American attorney (born 1956)

Charles Paul Rettig (born November 18, 1956) is an American attorney who served as the United States Commissioner of Internal Revenue, the head of the U.S. Internal Revenue Service (IRS). On September 12, 2018, the United States Senate confirmed Rettig's nomination to be Commissioner for the term expiring November 12, 2022. Rettig was sworn in on October 1, 2018.

==Education==
Rettig attended El Camino Real High School in Woodland Hills, California, graduating in 1974. He earned a Bachelor of Arts in economics from the University of California, Los Angeles, a Juris Doctor from Pepperdine University School of Law, and an LL.M. in Taxation from New York University School of Law.

==Career==
Following the conclusion of his term as IRS Commissioner, Rettig joined Chamberlain Hrdlicka in March 2024 as a shareholder in the firm's Tax Controversy & Litigation practice. Drawing on over 36 years of experience representing taxpayers in complex disputes and his tenure overseeing the IRS, his practice focuses on federal and state tax controversies and investigations, including sensitive issue examinations, administrative appeals, civil tax litigation, and representation in criminal tax investigations and prosecutions.

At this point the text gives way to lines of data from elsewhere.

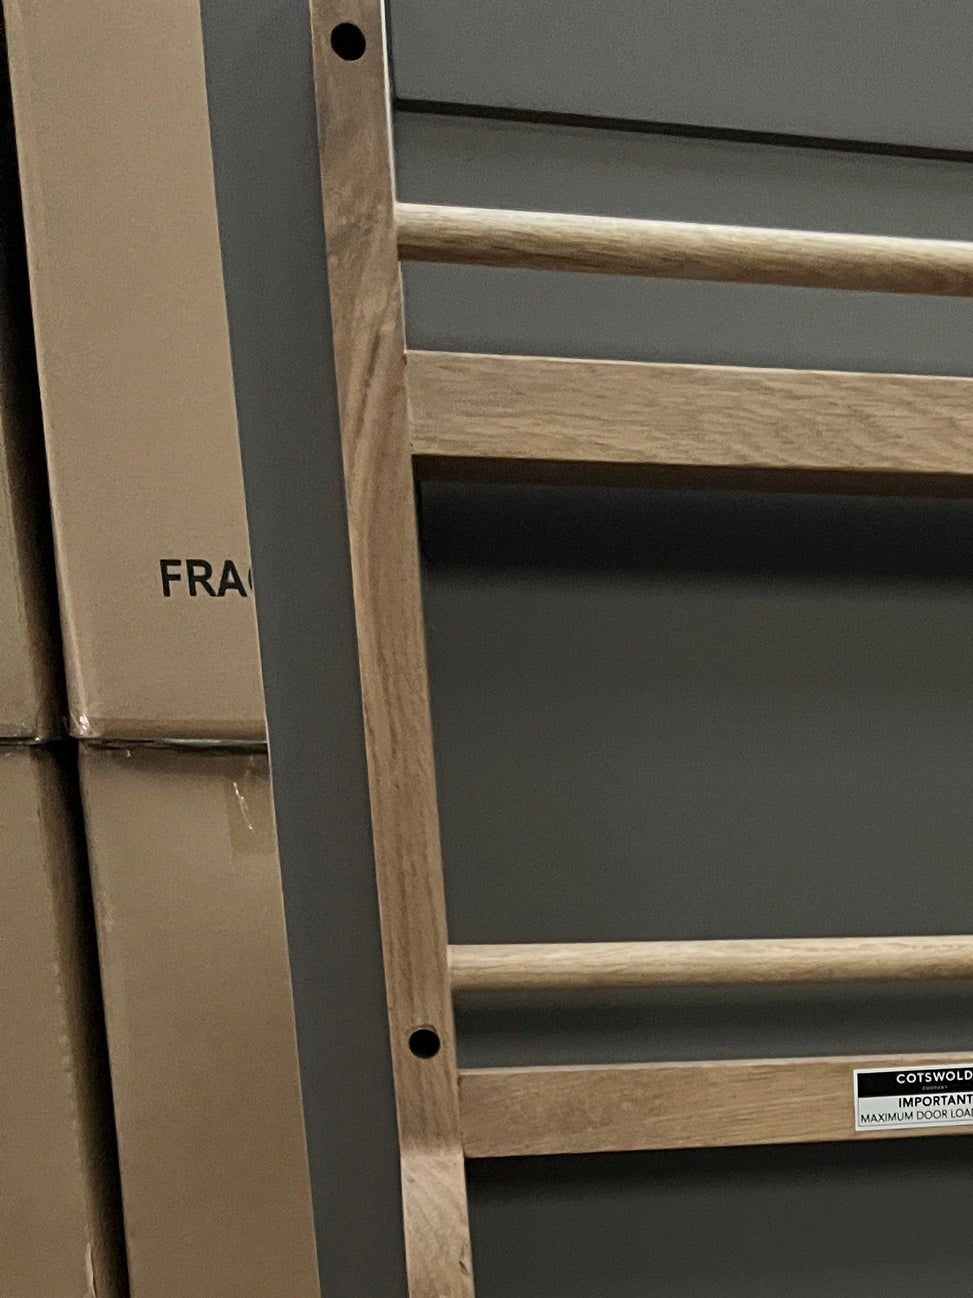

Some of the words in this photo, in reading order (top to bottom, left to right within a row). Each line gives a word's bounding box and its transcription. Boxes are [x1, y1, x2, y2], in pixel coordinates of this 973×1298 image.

[160, 559, 253, 597] FRA
[896, 1070, 973, 1084] COTSWOLD
[899, 1094, 973, 1108] IMPORTANT
[860, 1111, 914, 1123] MAXIMUM
[916, 1109, 948, 1121] DOOR

Rettig was a partner at the Beverly Hills tax controversy practice law firm of Hochman, Salkin, Rettig, Toscher & Perez, P.C. He worked at the firm for over 36 years, where he represented individuals and corporations before federal and state taxing authorities. The firm has 10 attorneys and was established in 1960.

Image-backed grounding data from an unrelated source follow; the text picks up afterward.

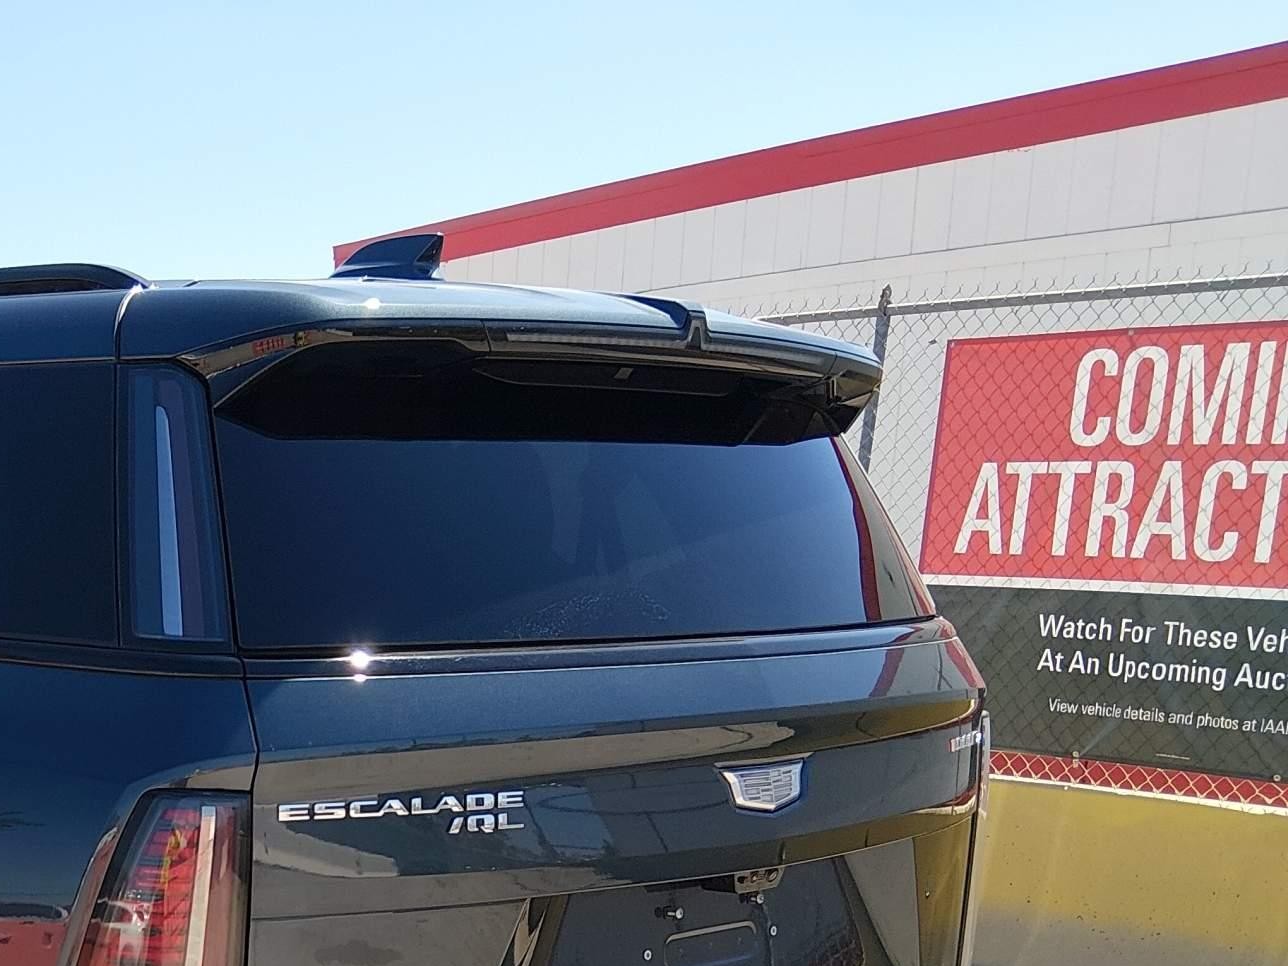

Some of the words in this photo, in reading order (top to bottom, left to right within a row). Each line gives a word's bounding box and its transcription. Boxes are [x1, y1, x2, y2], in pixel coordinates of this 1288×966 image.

[953, 459, 1288, 564] ATTRACT
[1038, 613, 1112, 641] Watch
[1119, 618, 1157, 645] For
[1164, 620, 1238, 650] These
[1037, 648, 1064, 673] At
[1068, 650, 1100, 675] An
[1108, 652, 1228, 692] Upcoming
[1233, 662, 1288, 691] Auc
[1048, 697, 1079, 714] View
[1081, 702, 1122, 718] vehicle
[1123, 705, 1166, 723] details
[1168, 711, 1194, 726] and
[1196, 715, 1239, 731] photos
[1242, 719, 1257, 732] at
[277, 790, 525, 822] ESCALADE

Rettig held leadership roles in a number of professional organizations. He was President of the American College of Tax Counsel (ACTC); was Chair of the 4,000+ member Taxation Section of the State Bar of California from 1999 to 2000; the longtime Chair of the UCLA Extension Annual Tax Controversy Institute; and served as vice-chair, Administration, for the 12,000+ member Taxation Section of the American Bar Association.

In 2010–2011, Rettig was appointed by the IRS to serve as Chairman of the IRS Advisory Council (IRSAC) for the last year of his three-year term. The IRSAC's primary purpose is to provide an organized public forum for senior IRS executives and representatives of the public to discuss relevant tax administration issues.

In his home state of California, Rettig was a longtime member of the California FTB Advisory Board. He was designated a Certified Specialist in Taxation Law by the State Bar of California, Board of Legal Specialization and also designated a Certified Specialist in Estate Planning, Trust & Probate Law by the State Bar of California, Board of Legal Specialization. He is a past member of the board of trustees for the California CPA Education Foundation.

=== Commissioner ===
On February 13, 2018, Rettig's nomination was received in the Senate and referred to the Committee on Finance. During his confirmation hearing before the Senate Finance Committee on June 28, 2018, Rettig "told lawmakers he would ensure that the agency is 'impartial and non-biased from top to bottom' and follows the law." The committee approved his nomination on July 19, 2018. Rettig's nomination was confirmed by the full Senate by a vote of 64–33 on September 12, 2018. Secretary Mnuchin administered the oath of office to Rettig on October 1, 2018.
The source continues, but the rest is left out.